--- Prompt ---
The line containing "this 1500×1125 image." marks where to begin. Write out that line and every line after it exactly, through the last line below.

==== Records shown ====

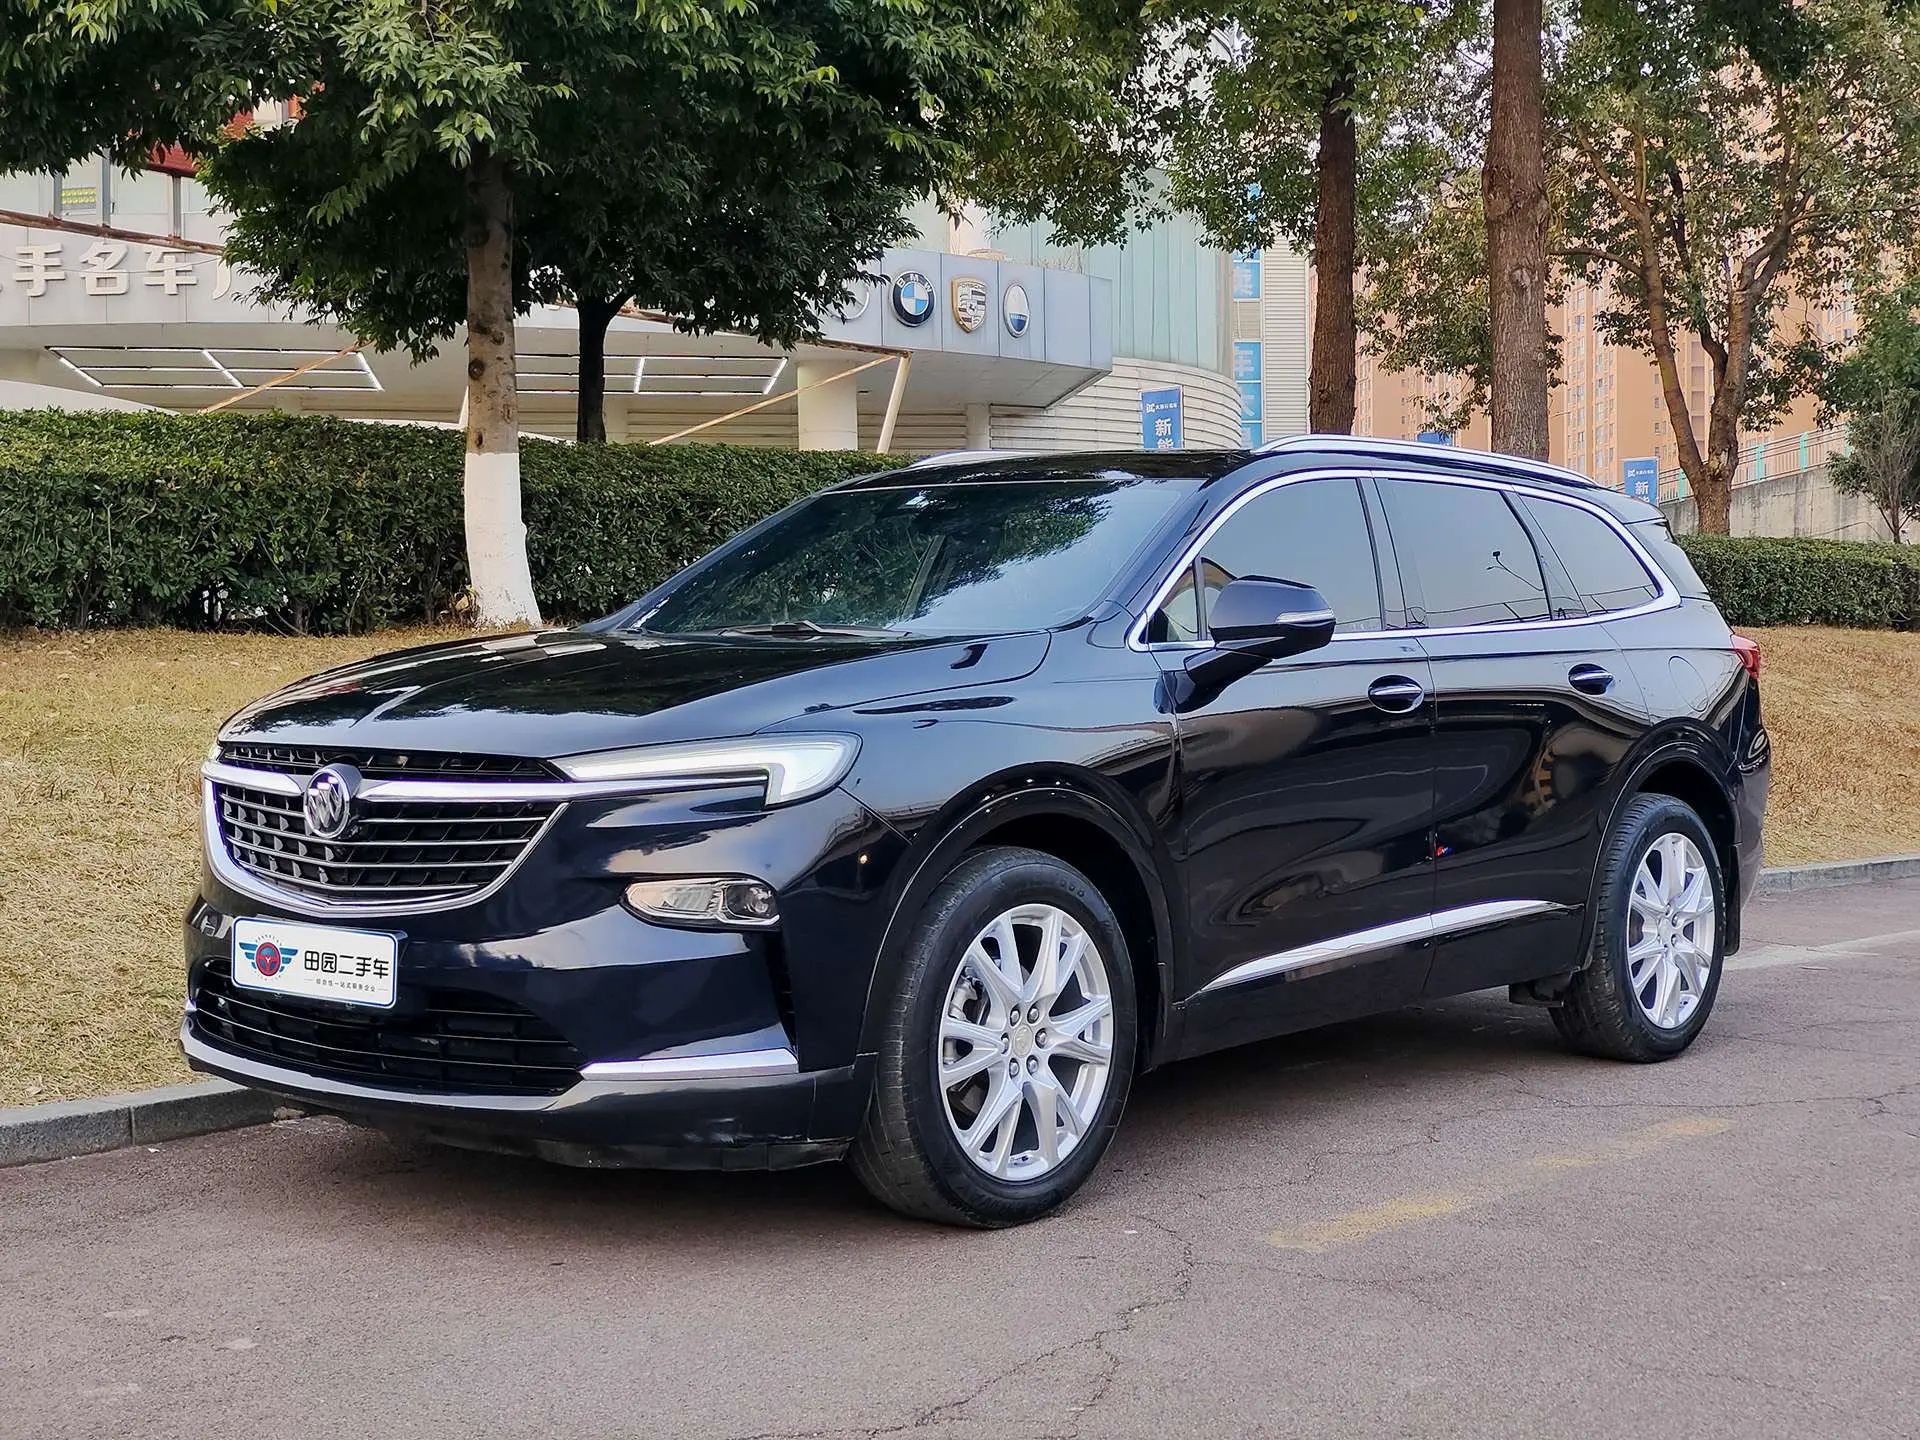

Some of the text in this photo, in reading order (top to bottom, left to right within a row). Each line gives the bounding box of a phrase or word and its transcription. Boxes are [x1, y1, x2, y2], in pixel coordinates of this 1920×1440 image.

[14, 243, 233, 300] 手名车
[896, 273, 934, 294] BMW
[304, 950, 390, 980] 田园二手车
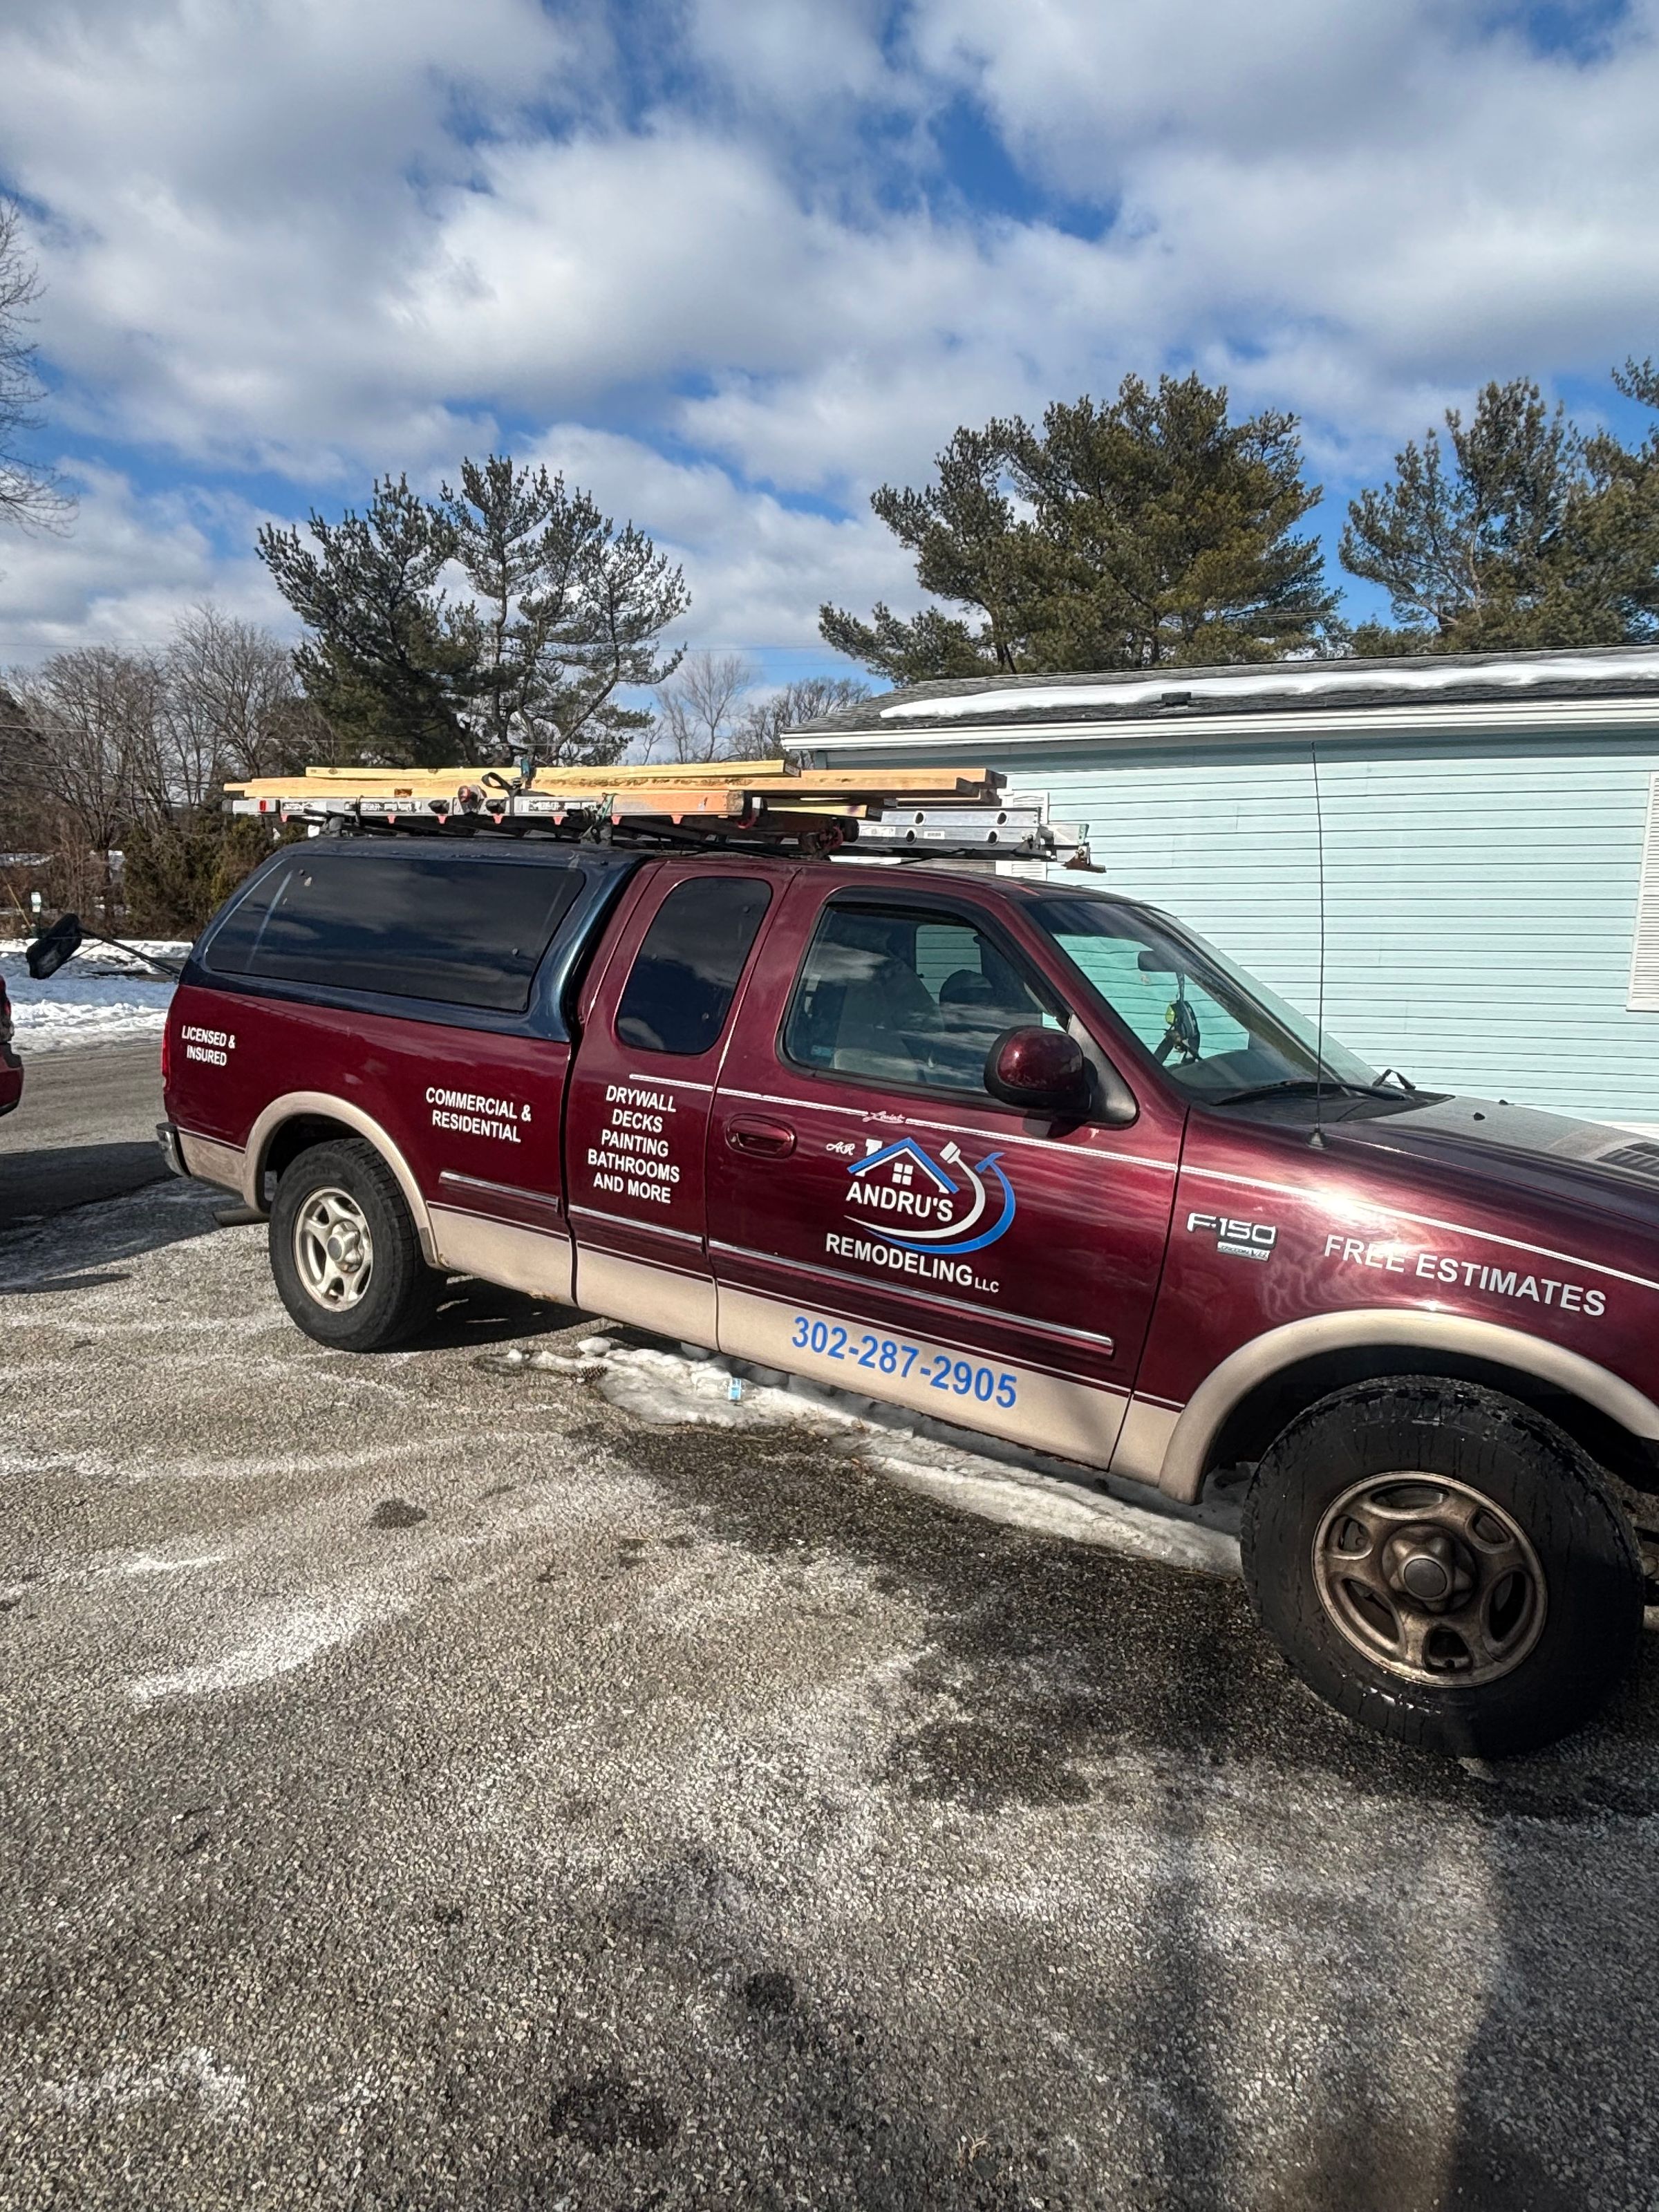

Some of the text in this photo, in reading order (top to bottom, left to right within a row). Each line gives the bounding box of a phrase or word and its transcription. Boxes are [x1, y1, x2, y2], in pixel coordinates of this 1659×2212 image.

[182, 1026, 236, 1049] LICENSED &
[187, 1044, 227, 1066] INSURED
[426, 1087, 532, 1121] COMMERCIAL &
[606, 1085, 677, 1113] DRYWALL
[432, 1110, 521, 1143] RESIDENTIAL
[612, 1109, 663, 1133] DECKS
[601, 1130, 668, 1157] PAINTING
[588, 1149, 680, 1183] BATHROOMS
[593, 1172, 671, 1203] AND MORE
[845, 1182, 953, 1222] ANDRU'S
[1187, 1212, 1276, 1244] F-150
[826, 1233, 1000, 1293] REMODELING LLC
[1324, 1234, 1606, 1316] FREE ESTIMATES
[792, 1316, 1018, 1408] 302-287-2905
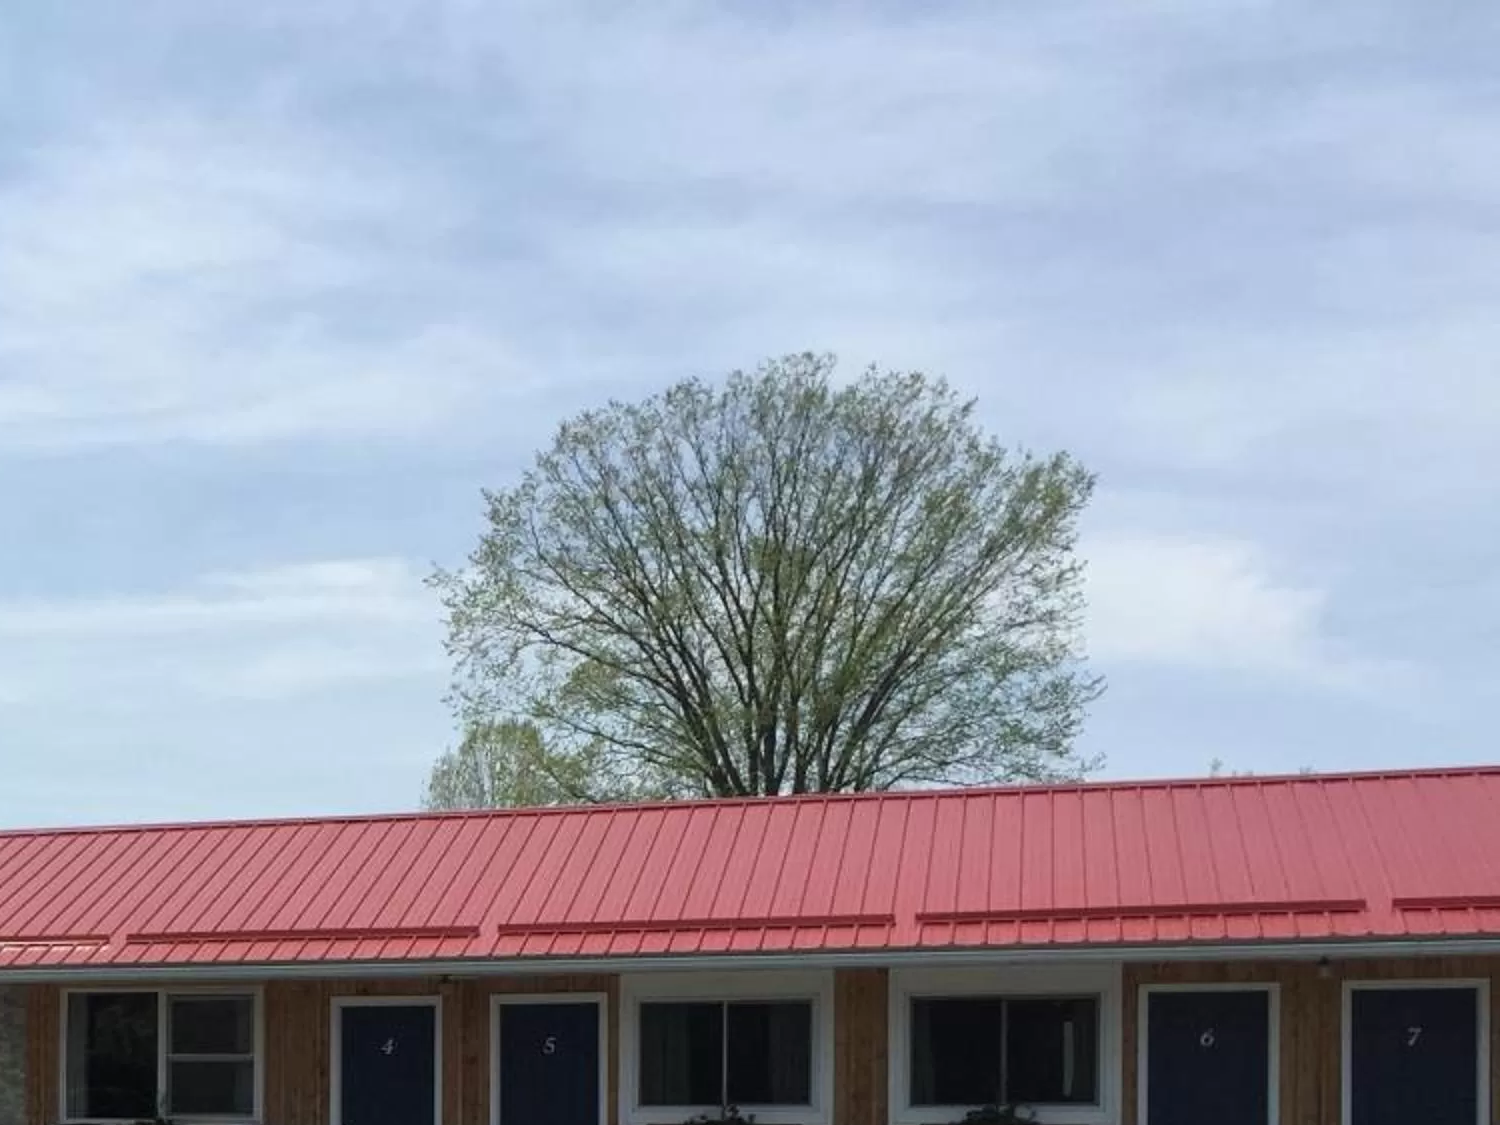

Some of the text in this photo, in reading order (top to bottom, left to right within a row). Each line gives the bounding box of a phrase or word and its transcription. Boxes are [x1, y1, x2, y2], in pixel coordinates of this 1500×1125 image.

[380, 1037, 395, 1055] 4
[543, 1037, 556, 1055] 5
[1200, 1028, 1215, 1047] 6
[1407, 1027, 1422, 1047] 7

====

--- Solution ---
Some of the text in this photo, in reading order (top to bottom, left to right within a row). Each line gives the bounding box of a phrase or word and its transcription. Boxes are [x1, y1, x2, y2], in pixel coordinates of this 1500×1125 image.

[380, 1037, 395, 1055] 4
[543, 1037, 556, 1055] 5
[1200, 1028, 1215, 1047] 6
[1407, 1027, 1422, 1047] 7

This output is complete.